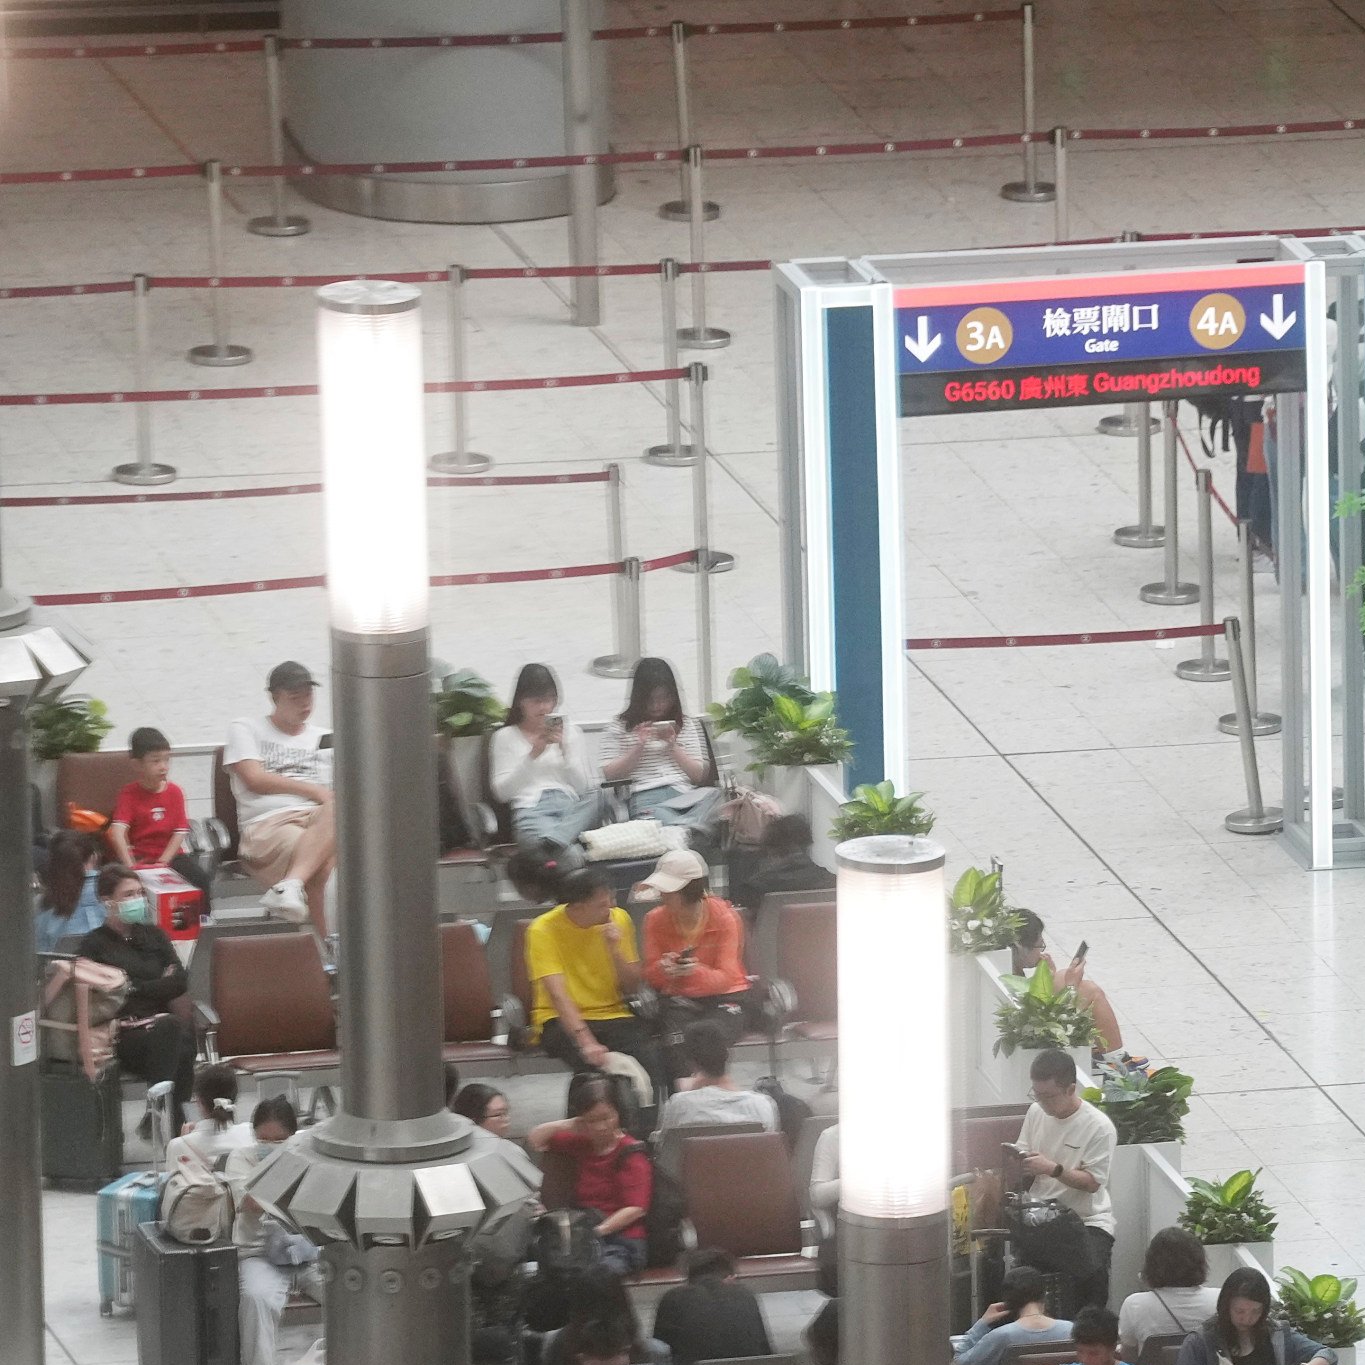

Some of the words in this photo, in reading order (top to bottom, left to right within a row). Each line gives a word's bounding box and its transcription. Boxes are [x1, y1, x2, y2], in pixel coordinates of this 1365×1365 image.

[1042, 303, 1160, 338] 檢票閘口
[1196, 306, 1239, 337] 4A
[966, 322, 1006, 353] 3A
[1084, 338, 1120, 354] Gate
[944, 379, 1016, 403] G6560
[1018, 373, 1090, 402] 廣州東
[1092, 364, 1261, 394] Guangzhoudong

§ Brief
When you copy the data, keep every line exact and leave out each picture.

§ Solved problem
Some of the words in this photo, in reading order (top to bottom, left to right within a row). Each line gives a word's bounding box and its transcription. Boxes are [x1, y1, x2, y2], in pixel coordinates of this 1365×1365 image.

[1042, 303, 1160, 338] 檢票閘口
[1196, 306, 1239, 337] 4A
[966, 322, 1006, 353] 3A
[1084, 338, 1120, 354] Gate
[944, 379, 1016, 403] G6560
[1018, 373, 1090, 402] 廣州東
[1092, 364, 1261, 394] Guangzhoudong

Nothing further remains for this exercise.